• **What to produce**
A faithful copy of the entries is needed, one that leaves out the pictures.

• **Material for the task**

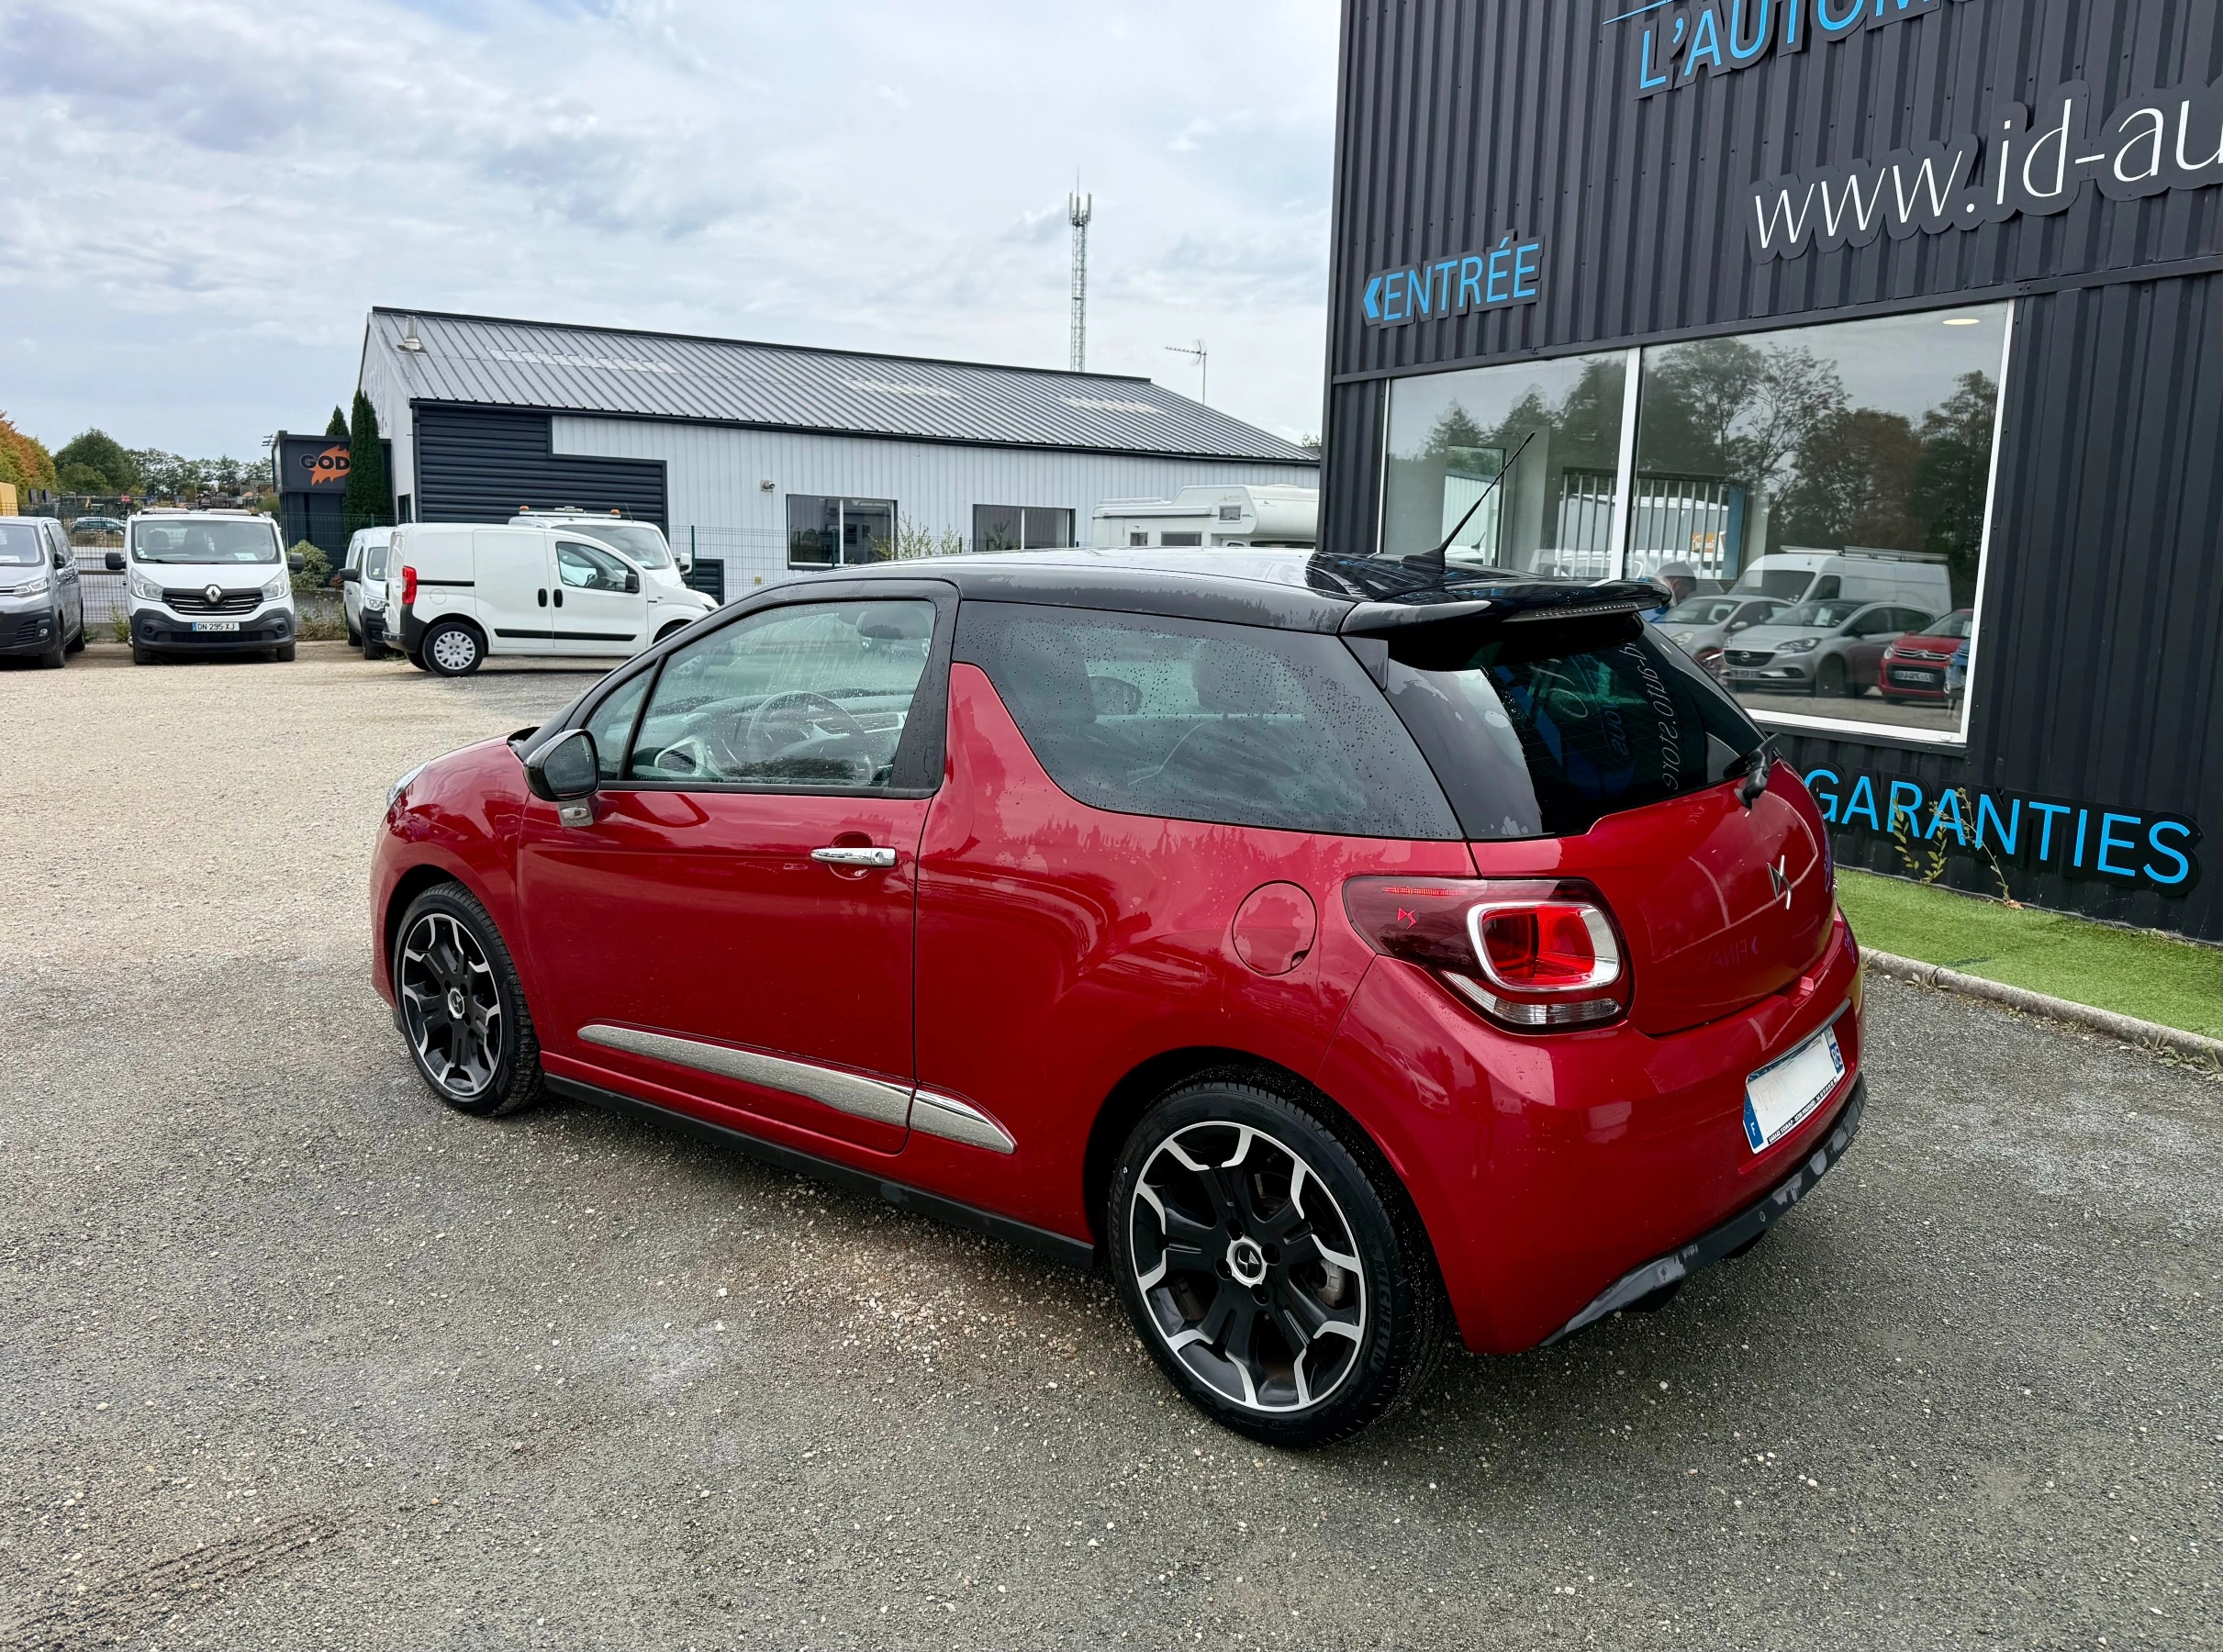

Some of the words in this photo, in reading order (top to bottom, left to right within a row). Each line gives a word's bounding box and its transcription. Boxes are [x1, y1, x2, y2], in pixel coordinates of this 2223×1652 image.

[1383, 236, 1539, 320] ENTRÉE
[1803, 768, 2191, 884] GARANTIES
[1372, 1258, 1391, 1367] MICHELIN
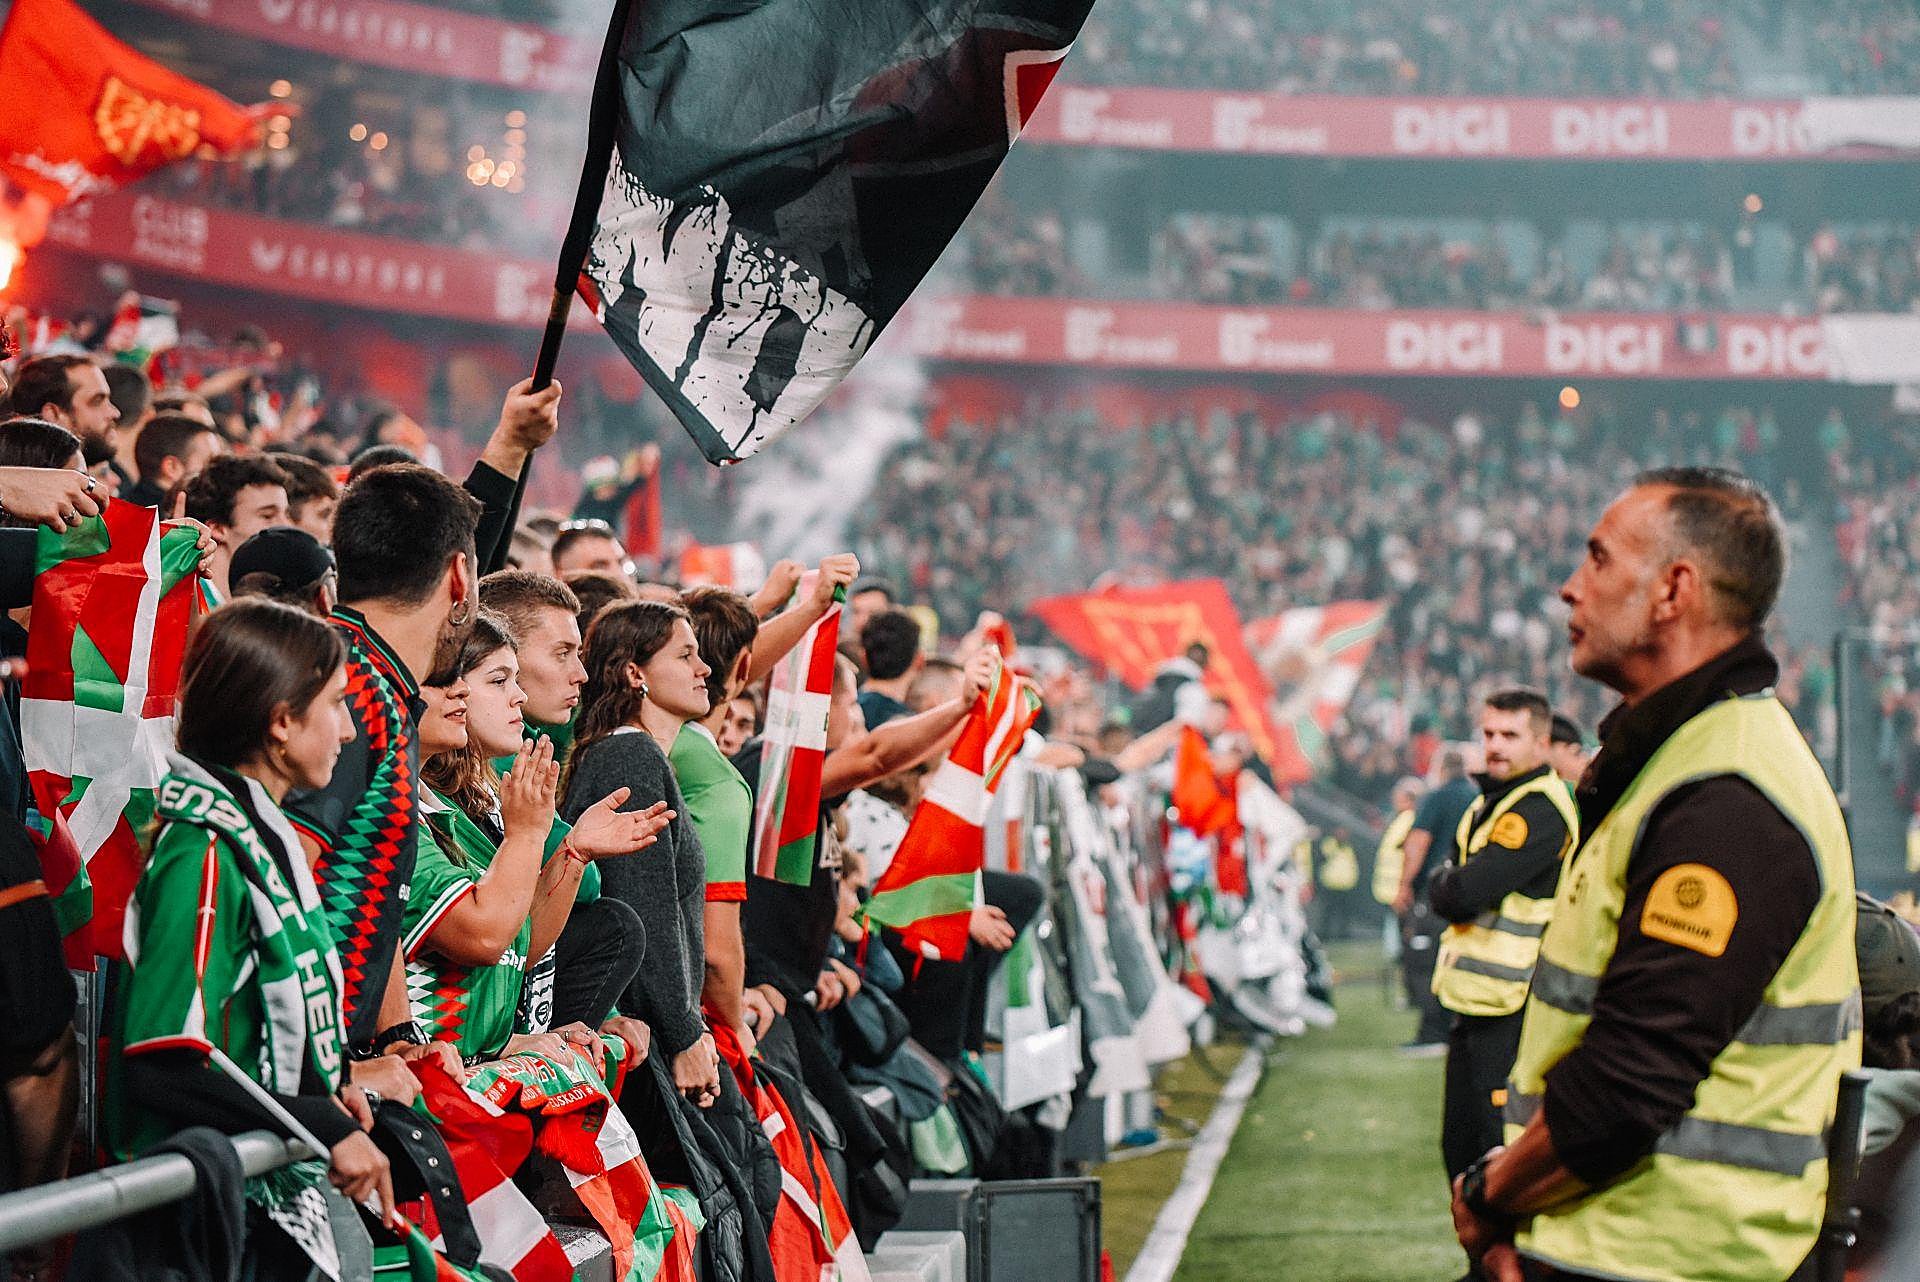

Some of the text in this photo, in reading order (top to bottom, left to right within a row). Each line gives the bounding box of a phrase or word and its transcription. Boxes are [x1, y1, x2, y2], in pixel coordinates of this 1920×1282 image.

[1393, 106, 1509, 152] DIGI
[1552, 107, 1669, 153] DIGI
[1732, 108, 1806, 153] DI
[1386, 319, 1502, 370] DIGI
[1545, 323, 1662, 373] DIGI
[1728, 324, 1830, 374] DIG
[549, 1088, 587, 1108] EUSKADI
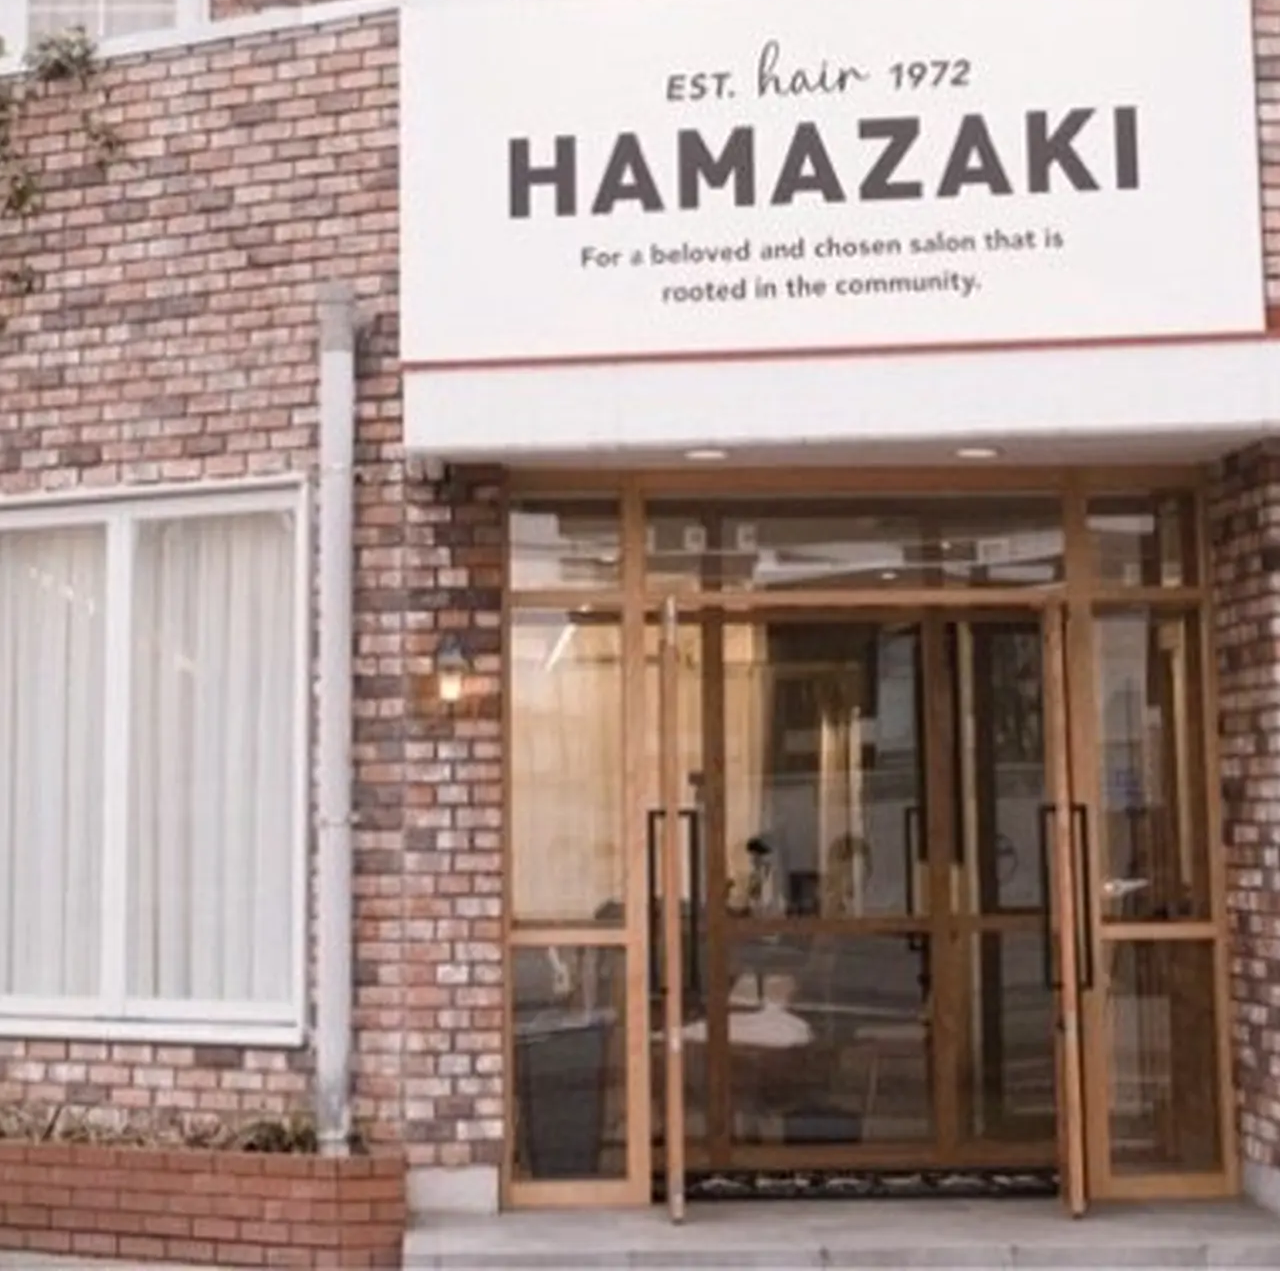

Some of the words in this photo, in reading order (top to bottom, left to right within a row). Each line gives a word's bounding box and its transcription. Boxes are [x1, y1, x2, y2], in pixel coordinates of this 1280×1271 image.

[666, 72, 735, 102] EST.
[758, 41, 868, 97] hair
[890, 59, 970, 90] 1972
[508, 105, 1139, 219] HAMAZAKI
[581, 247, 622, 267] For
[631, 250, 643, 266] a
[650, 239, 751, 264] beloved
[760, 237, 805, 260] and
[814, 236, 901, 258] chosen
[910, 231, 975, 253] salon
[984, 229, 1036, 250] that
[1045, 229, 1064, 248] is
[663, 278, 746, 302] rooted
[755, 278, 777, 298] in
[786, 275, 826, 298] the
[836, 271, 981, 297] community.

• **Answer to the exercise**
Some of the words in this photo, in reading order (top to bottom, left to right within a row). Each line gives a word's bounding box and its transcription. Boxes are [x1, y1, x2, y2], in pixel coordinates of this 2223×1652 image.

[1383, 236, 1539, 320] ENTRÉE
[1803, 768, 2191, 884] GARANTIES
[1372, 1258, 1391, 1367] MICHELIN

Some of the text in this photo, in reading order (top to bottom, left to right within a row). Each line gives the bounding box of a phrase or word and its transcription. Boxes are [x1, y1, x2, y2], in pixel coordinates of this 1920×1282 image.

[1393, 106, 1509, 152] DIGI
[1552, 107, 1669, 153] DIGI
[1732, 108, 1806, 153] DI
[1386, 319, 1502, 370] DIGI
[1545, 323, 1662, 373] DIGI
[1728, 324, 1830, 374] DIG
[549, 1088, 587, 1108] EUSKADI

Some of the words in this photo, in reading order (top to bottom, left to right within a row). Each line gives a word's bounding box and its transcription. Boxes are [x1, y1, x2, y2], in pixel coordinates of this 1280×1271 image.

[666, 72, 735, 102] EST.
[758, 41, 868, 97] hair
[890, 59, 970, 90] 1972
[508, 105, 1139, 219] HAMAZAKI
[581, 247, 622, 267] For
[631, 250, 643, 266] a
[650, 239, 751, 264] beloved
[760, 237, 805, 260] and
[814, 236, 901, 258] chosen
[910, 231, 975, 253] salon
[984, 229, 1036, 250] that
[1045, 229, 1064, 248] is
[663, 278, 746, 302] rooted
[755, 278, 777, 298] in
[786, 275, 826, 298] the
[836, 271, 981, 297] community.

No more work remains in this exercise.